• WORK INSTRUCTION: What you return should match the entries below exactly, only without the images.

☆ ☆ ☆ ☆ ☆ ☆ ☆

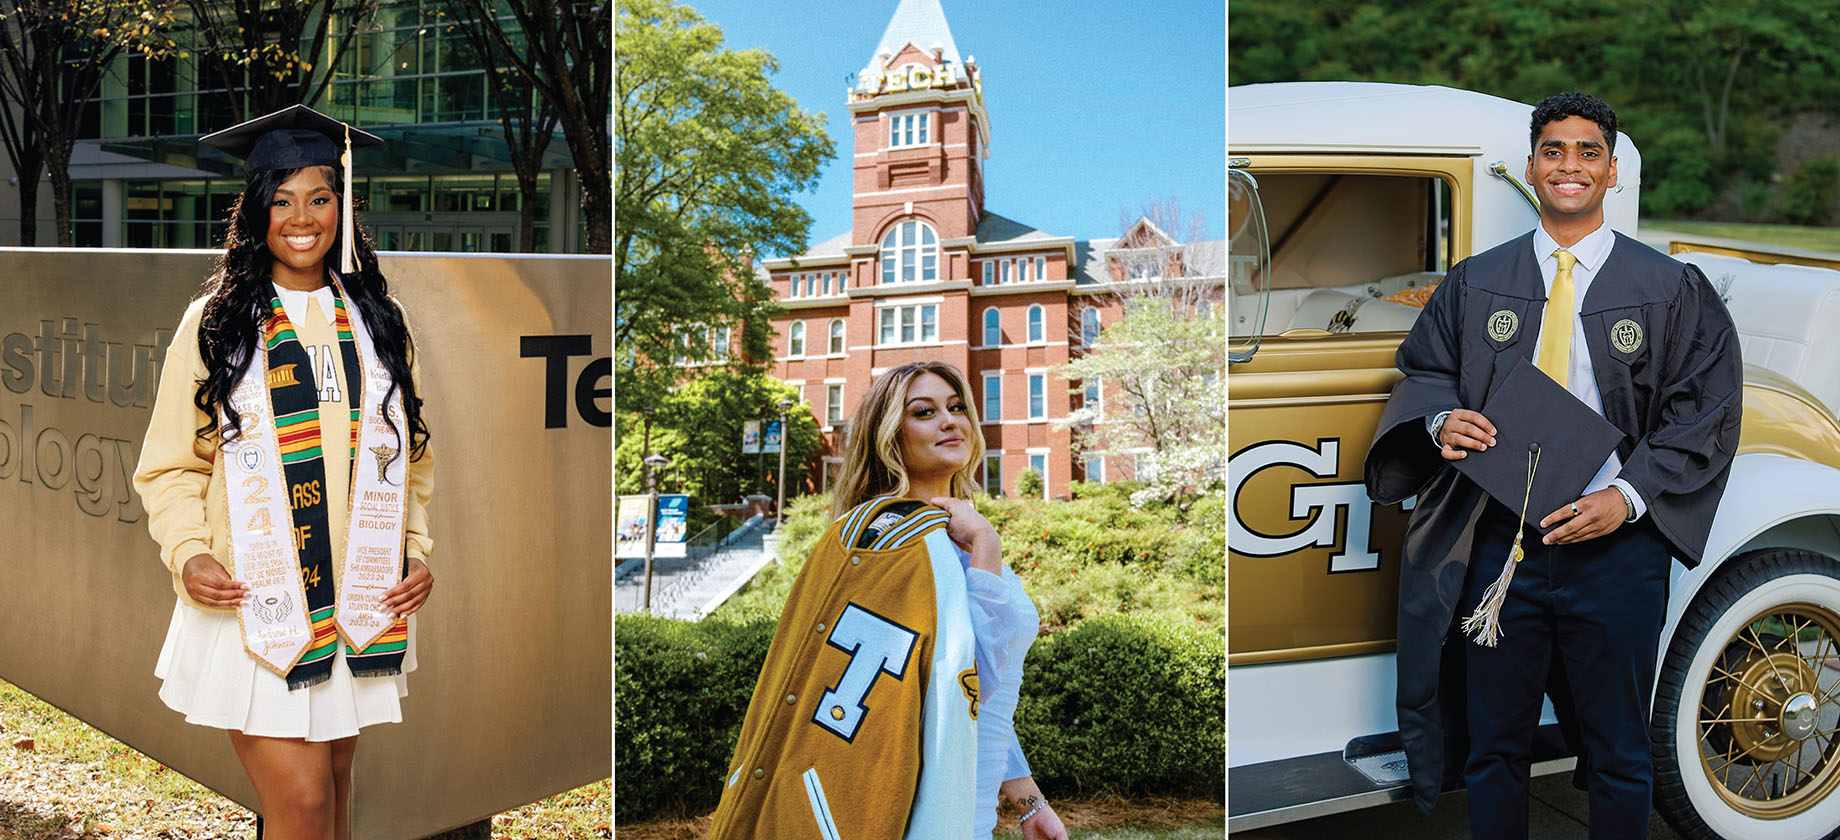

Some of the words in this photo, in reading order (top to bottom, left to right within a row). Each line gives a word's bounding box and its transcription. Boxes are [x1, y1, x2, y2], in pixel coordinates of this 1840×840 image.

[858, 63, 957, 96] TECH
[520, 334, 612, 429] Te
[291, 480, 321, 510] ASS
[363, 490, 398, 503] MINOR
[360, 501, 377, 511] SOCIAL
[378, 503, 399, 513] JUSTICE
[1228, 437, 1384, 575] GT
[358, 520, 396, 531] BIOLOGY
[357, 572, 385, 581] 2023-24
[348, 619, 380, 628] 2023-24
[811, 601, 920, 744] T

☆ ☆ ☆ ☆ ☆ ☆ ☆

• TASK RESULT:
Some of the words in this photo, in reading order (top to bottom, left to right within a row). Each line gives a word's bounding box and its transcription. Boxes are [x1, y1, x2, y2], in pixel coordinates of this 1840×840 image.

[858, 63, 957, 96] TECH
[520, 334, 612, 429] Te
[291, 480, 321, 510] ASS
[363, 490, 398, 503] MINOR
[360, 501, 377, 511] SOCIAL
[378, 503, 399, 513] JUSTICE
[1228, 437, 1384, 575] GT
[358, 520, 396, 531] BIOLOGY
[357, 572, 385, 581] 2023-24
[348, 619, 380, 628] 2023-24
[811, 601, 920, 744] T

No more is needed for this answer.